------ Dataset records

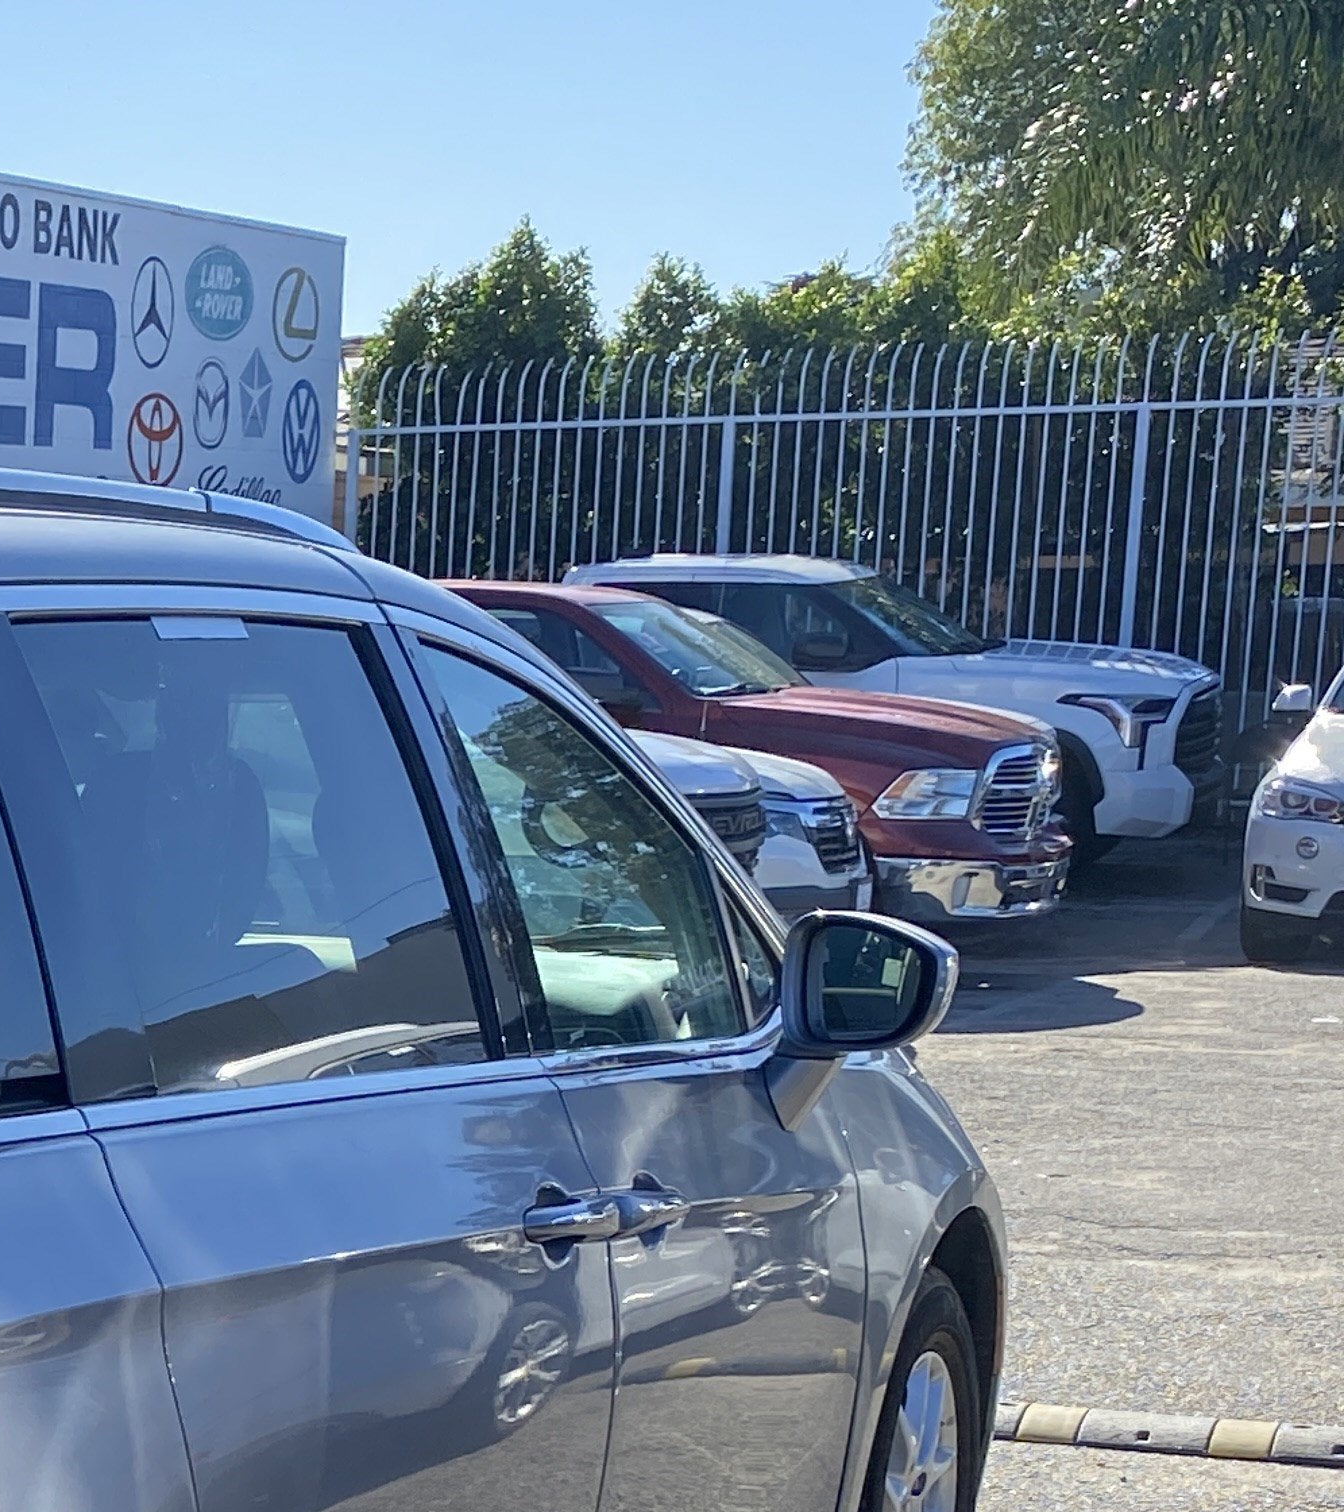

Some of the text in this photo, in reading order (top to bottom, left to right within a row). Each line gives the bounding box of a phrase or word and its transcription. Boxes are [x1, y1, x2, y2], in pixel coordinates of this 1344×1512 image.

[33, 198, 122, 266] BANK
[200, 263, 233, 291] LAND
[201, 293, 243, 321] ROVER
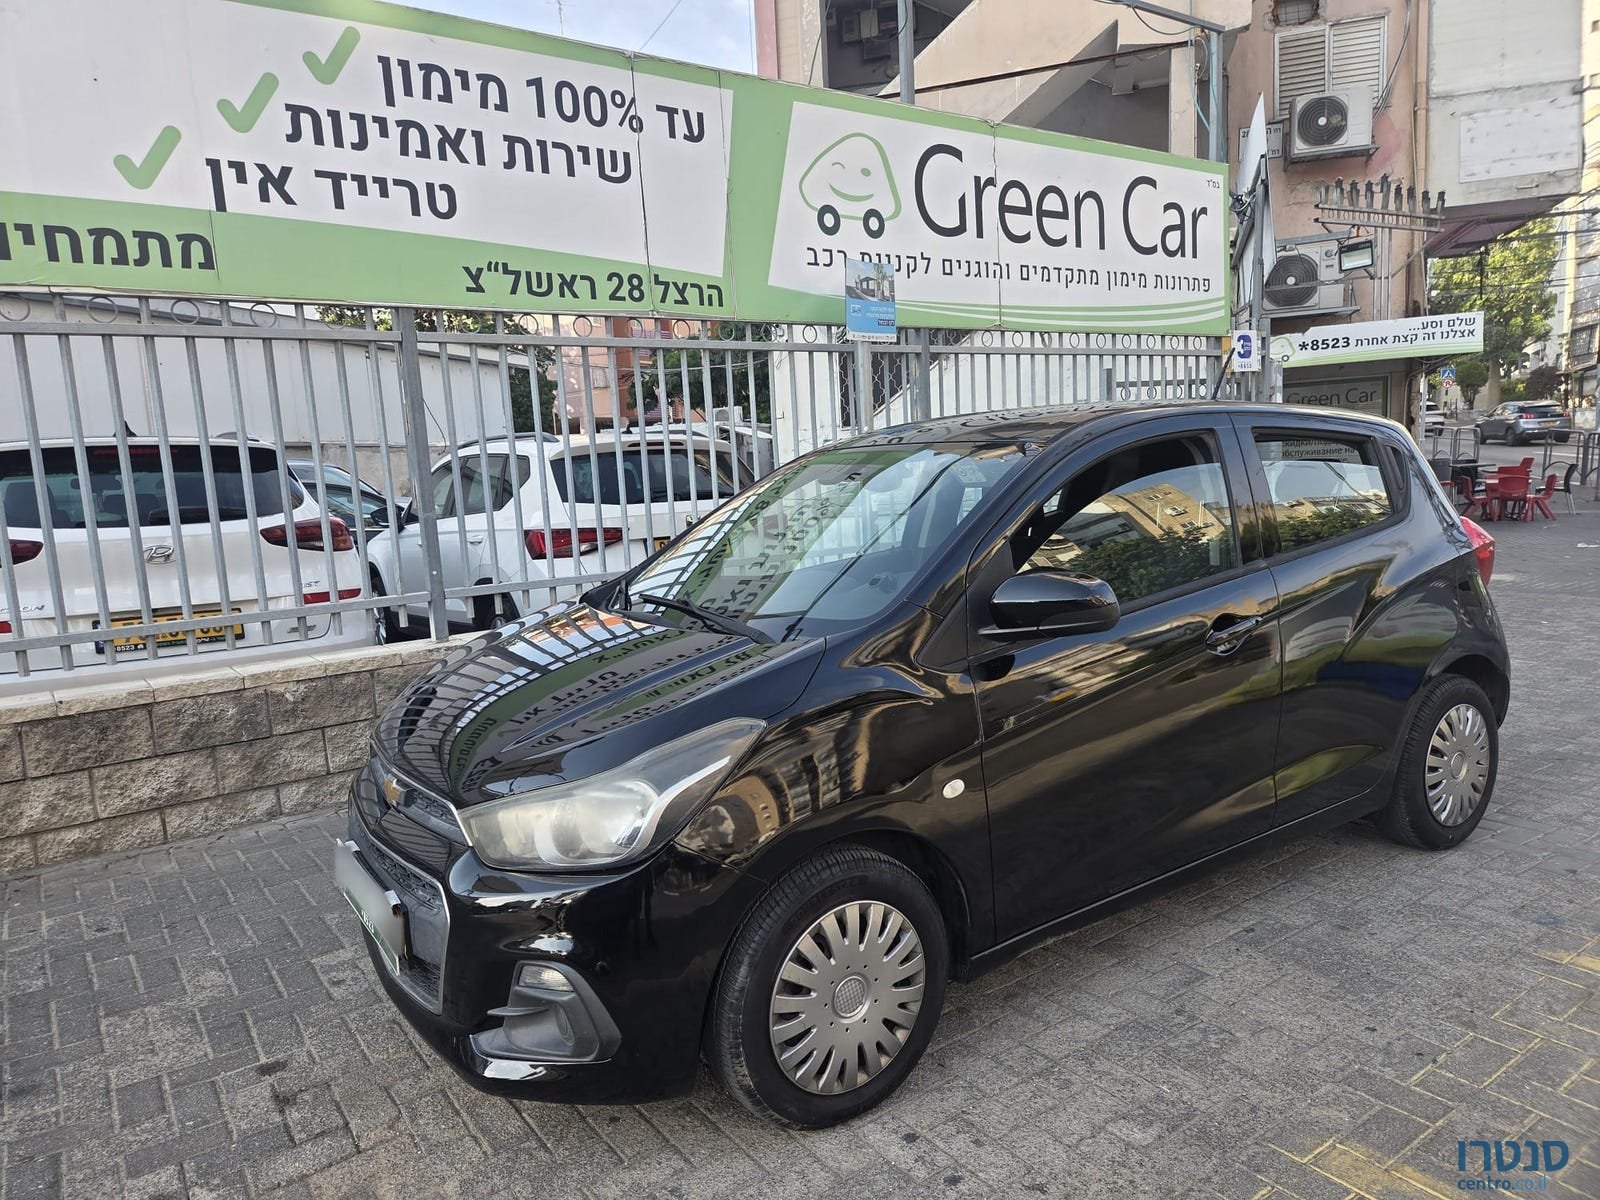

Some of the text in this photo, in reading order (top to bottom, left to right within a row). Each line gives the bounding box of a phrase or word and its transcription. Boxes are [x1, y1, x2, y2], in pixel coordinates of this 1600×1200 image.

[377, 55, 705, 144] עד 100% מימון
[284, 102, 632, 185] שירות ואמינות
[205, 157, 459, 221] טרייד אין
[914, 143, 1208, 260] Green Car
[931, 257, 1011, 281] והוגנים
[1019, 263, 1100, 290] מתקדמים
[1106, 269, 1147, 292] מימון
[605, 271, 646, 303] 28
[653, 273, 725, 308] הרצל
[1153, 273, 1211, 294] פתרונות
[1446, 315, 1476, 329] שלם
[1354, 335, 1389, 348] אחרת
[1391, 333, 1418, 346] קצת
[1422, 332, 1436, 342] זה
[1440, 327, 1476, 341] אצלנו
[1345, 387, 1377, 404] Car
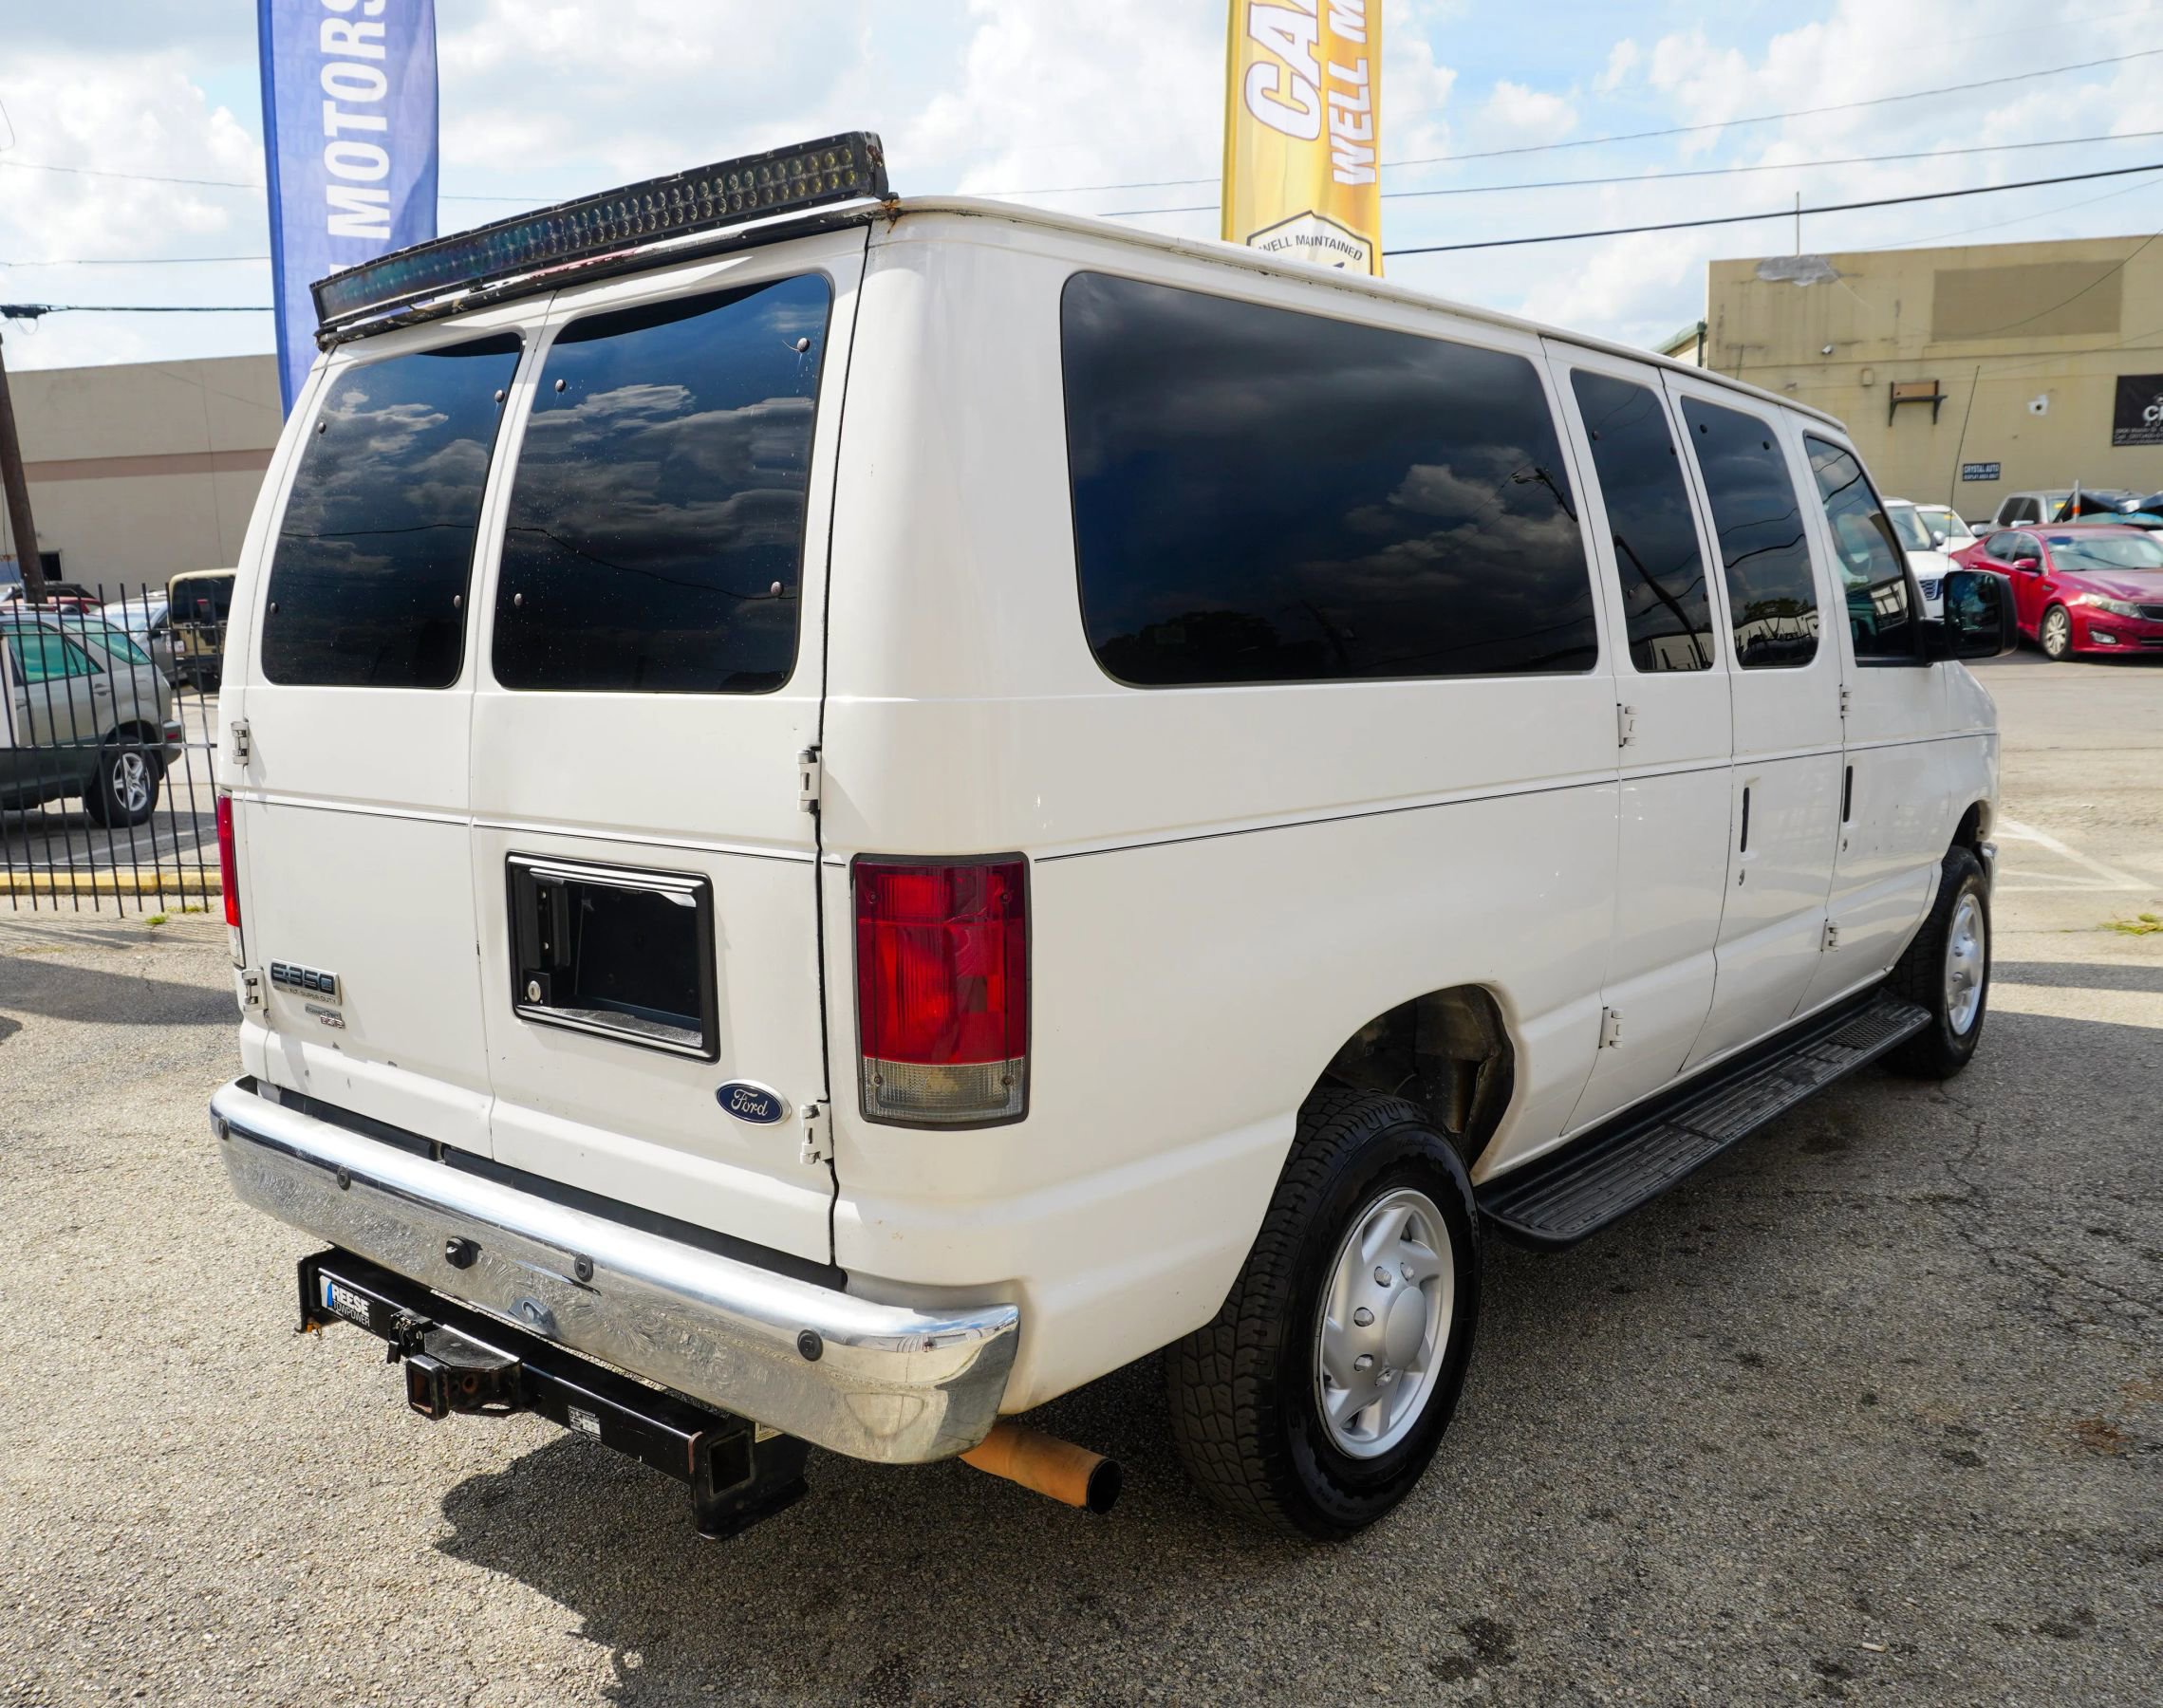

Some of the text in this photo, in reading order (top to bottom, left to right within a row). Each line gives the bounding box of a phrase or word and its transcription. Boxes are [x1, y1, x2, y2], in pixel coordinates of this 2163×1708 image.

------------

▶ _What you need to do_: What is needed is every record above, returned exactly, with the pictures omitted.

▶ _Reply_:
Some of the text in this photo, in reading order (top to bottom, left to right within a row). Each line gives the bounding box of a phrase or word and its transcription. Boxes are [x1, y1, x2, y2], in pixel coordinates of this 1344×1512 image.

[33, 198, 122, 266] BANK
[200, 263, 233, 291] LAND
[201, 293, 243, 321] ROVER

Some of the text in this photo, in reading order (top to bottom, left to right within a row). Each line gives the bounding box of a phrase or word and its transcription. Boxes are [x1, y1, x2, y2], in pixel coordinates of this 1600×1200 image.

[377, 55, 705, 144] עד 100% מימון
[284, 102, 632, 185] שירות ואמינות
[205, 157, 459, 221] טרייד אין
[914, 143, 1208, 260] Green Car
[931, 257, 1011, 281] והוגנים
[1019, 263, 1100, 290] מתקדמים
[1106, 269, 1147, 292] מימון
[605, 271, 646, 303] 28
[653, 273, 725, 308] הרצל
[1153, 273, 1211, 294] פתרונות
[1446, 315, 1476, 329] שלם
[1354, 335, 1389, 348] אחרת
[1391, 333, 1418, 346] קצת
[1422, 332, 1436, 342] זה
[1440, 327, 1476, 341] אצלנו
[1345, 387, 1377, 404] Car

Some of the text in this photo, in reading order (top to bottom, left to right within a row). Each line gives the bounding box of a phrase or word and its transcription. Boxes are [x1, y1, x2, y2], in pixel coordinates of this 2163×1708 image.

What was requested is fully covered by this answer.